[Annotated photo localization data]
====================

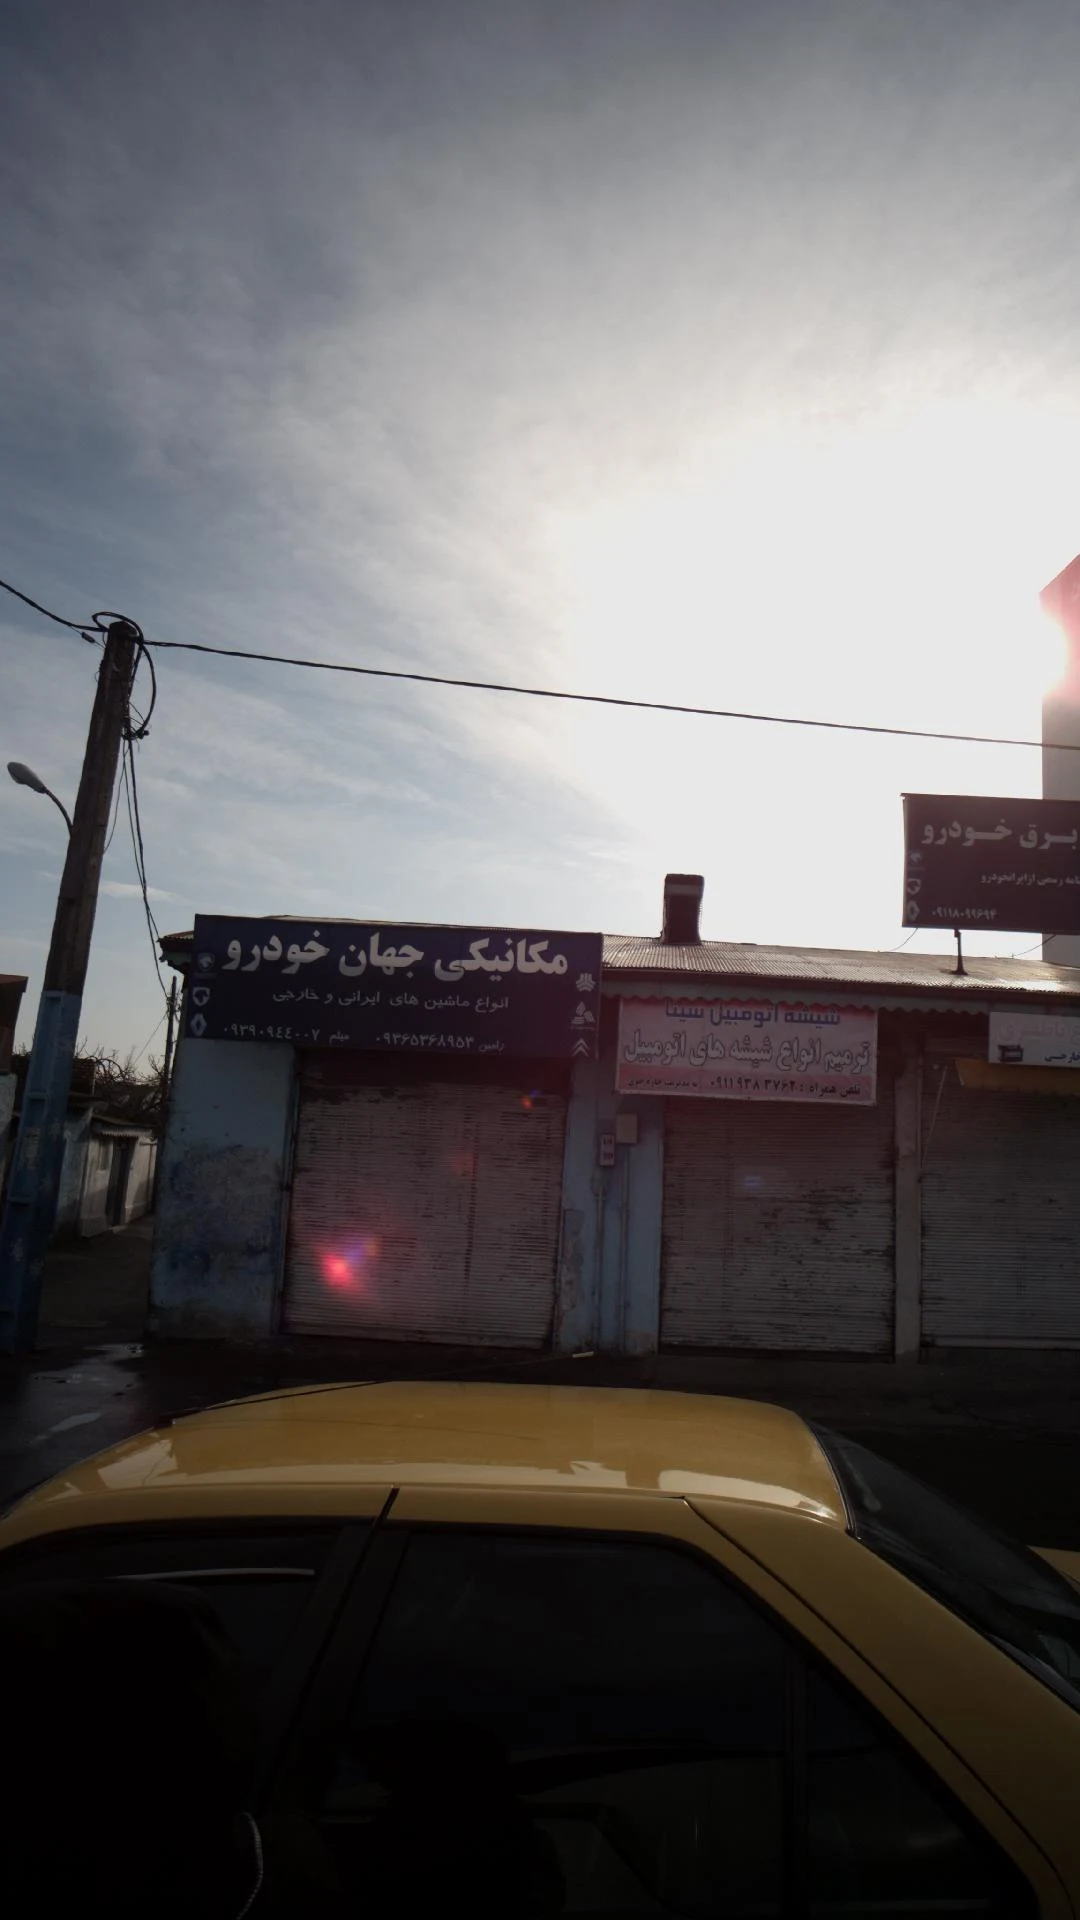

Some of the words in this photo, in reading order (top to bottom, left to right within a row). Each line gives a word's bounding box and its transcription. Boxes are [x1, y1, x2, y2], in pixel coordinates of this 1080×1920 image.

[921, 818, 1012, 847] خودرو
[1019, 824, 1078, 850] برق
[222, 930, 330, 974] خودرو
[339, 931, 424, 978] جهان
[434, 937, 568, 981] مکانیکی
[272, 988, 320, 1002] خارجی
[324, 992, 333, 1004] و
[338, 990, 380, 1006] ایرانی
[389, 992, 419, 1006] های
[424, 994, 470, 1010] ماشین
[474, 996, 509, 1013] انواع
[710, 1001, 779, 1028] اتومبیل
[785, 1006, 840, 1029] شیشه
[623, 1029, 687, 1065] اتومبیل
[689, 1032, 725, 1067] های
[729, 1036, 773, 1068] شیشه
[776, 1037, 821, 1072] انواع
[824, 1041, 871, 1074] ترمیم
[809, 1082, 837, 1097] همراه
[840, 1082, 861, 1097] تلفن
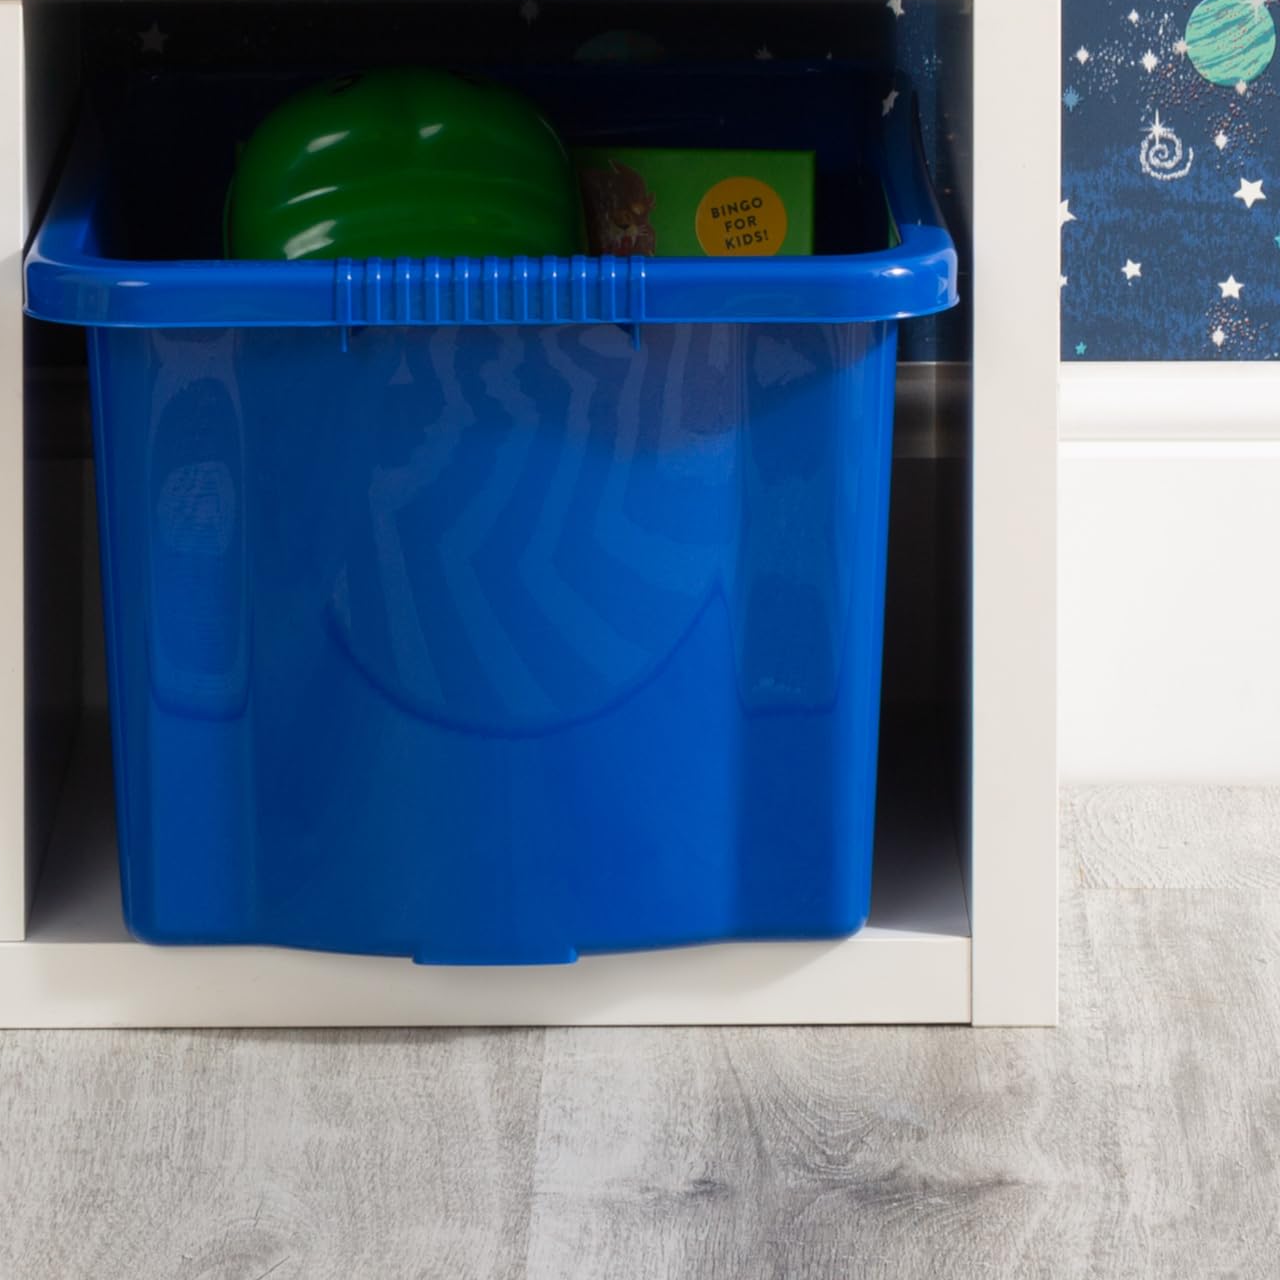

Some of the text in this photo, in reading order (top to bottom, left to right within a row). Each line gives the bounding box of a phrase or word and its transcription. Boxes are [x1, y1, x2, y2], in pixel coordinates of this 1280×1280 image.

====================

Exact duplicates of all the entries are required, and no image may appear in them.

Some of the words in this photo, in reading order (top to bottom, left to right within a row). Each line gives a word's bounding box and its transcription. Boxes are [x1, y1, x2, y2], in pixel coordinates of this 1080×1920 image.

[921, 818, 1012, 847] خودرو
[1019, 824, 1078, 850] برق
[222, 930, 330, 974] خودرو
[339, 931, 424, 978] جهان
[434, 937, 568, 981] مکانیکی
[272, 988, 320, 1002] خارجی
[324, 992, 333, 1004] و
[338, 990, 380, 1006] ایرانی
[389, 992, 419, 1006] های
[424, 994, 470, 1010] ماشین
[474, 996, 509, 1013] انواع
[710, 1001, 779, 1028] اتومبیل
[785, 1006, 840, 1029] شیشه
[623, 1029, 687, 1065] اتومبیل
[689, 1032, 725, 1067] های
[729, 1036, 773, 1068] شیشه
[776, 1037, 821, 1072] انواع
[824, 1041, 871, 1074] ترمیم
[809, 1082, 837, 1097] همراه
[840, 1082, 861, 1097] تلفن

Some of the text in this photo, in reading order (top to bottom, left to right within a row). Each line gives the bounding box of a phrase or word and its transcription. Boxes are [x1, y1, x2, y2], in pixel coordinates of this 1280×1280 image.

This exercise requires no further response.